• Data shown
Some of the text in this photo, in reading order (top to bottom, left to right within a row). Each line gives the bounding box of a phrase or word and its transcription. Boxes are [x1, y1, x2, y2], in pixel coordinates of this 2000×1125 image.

---

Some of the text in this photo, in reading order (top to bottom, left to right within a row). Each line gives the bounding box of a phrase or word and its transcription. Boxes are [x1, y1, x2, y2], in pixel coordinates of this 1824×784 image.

==

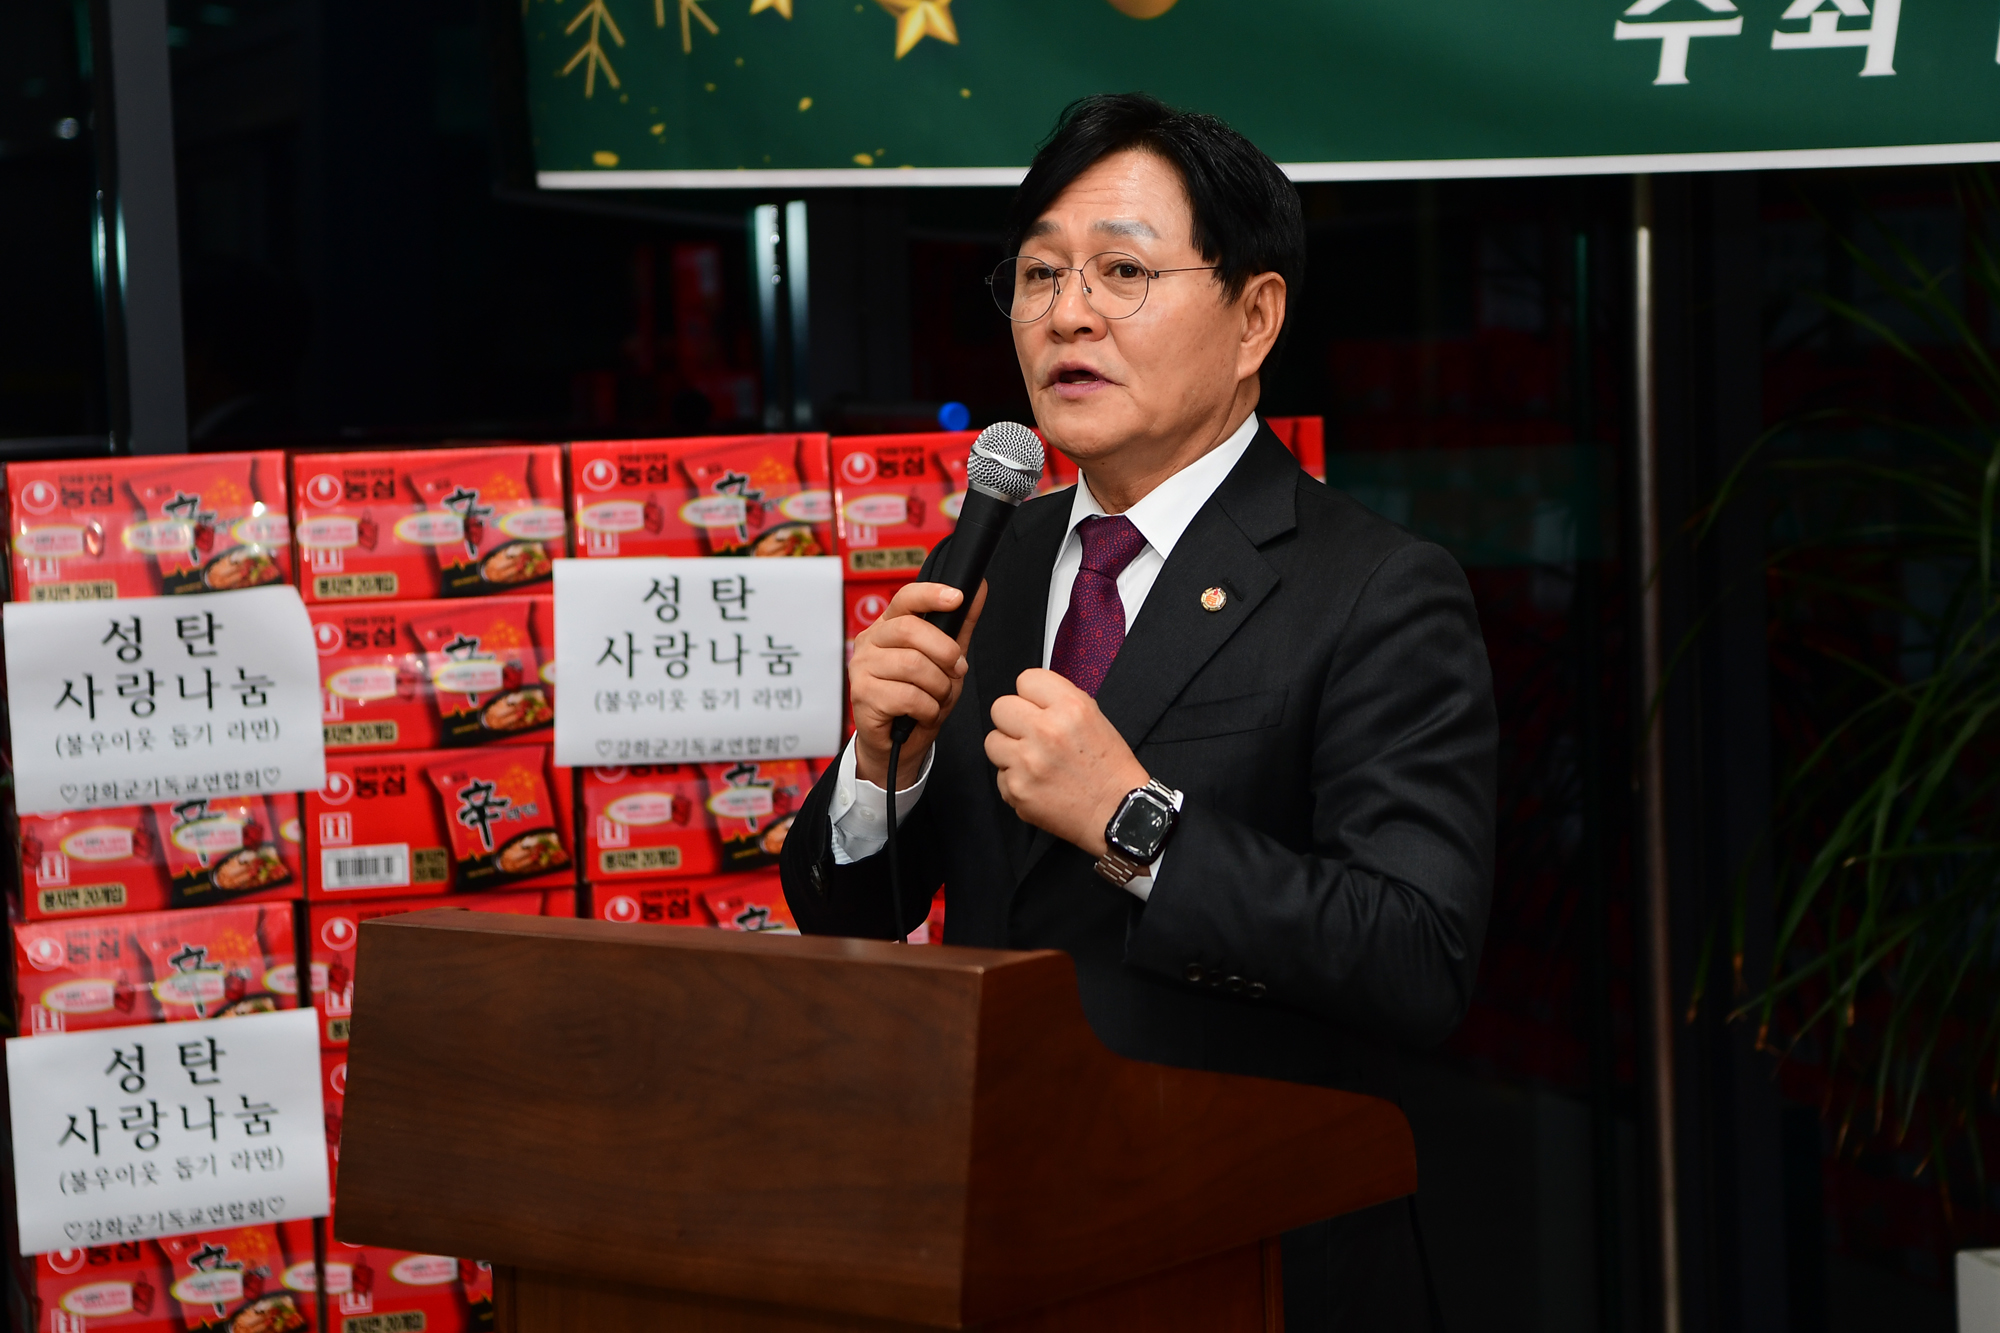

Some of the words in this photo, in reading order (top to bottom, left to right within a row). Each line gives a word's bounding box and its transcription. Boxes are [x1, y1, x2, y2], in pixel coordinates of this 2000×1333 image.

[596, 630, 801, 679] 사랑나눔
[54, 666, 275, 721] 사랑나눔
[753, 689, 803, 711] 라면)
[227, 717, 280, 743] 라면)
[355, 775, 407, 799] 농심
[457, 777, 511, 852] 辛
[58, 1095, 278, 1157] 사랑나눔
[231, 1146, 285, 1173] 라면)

• What is being asked
Determine the number of lines in the records that include the string "text", and respond with that number only.

• Exercise result
2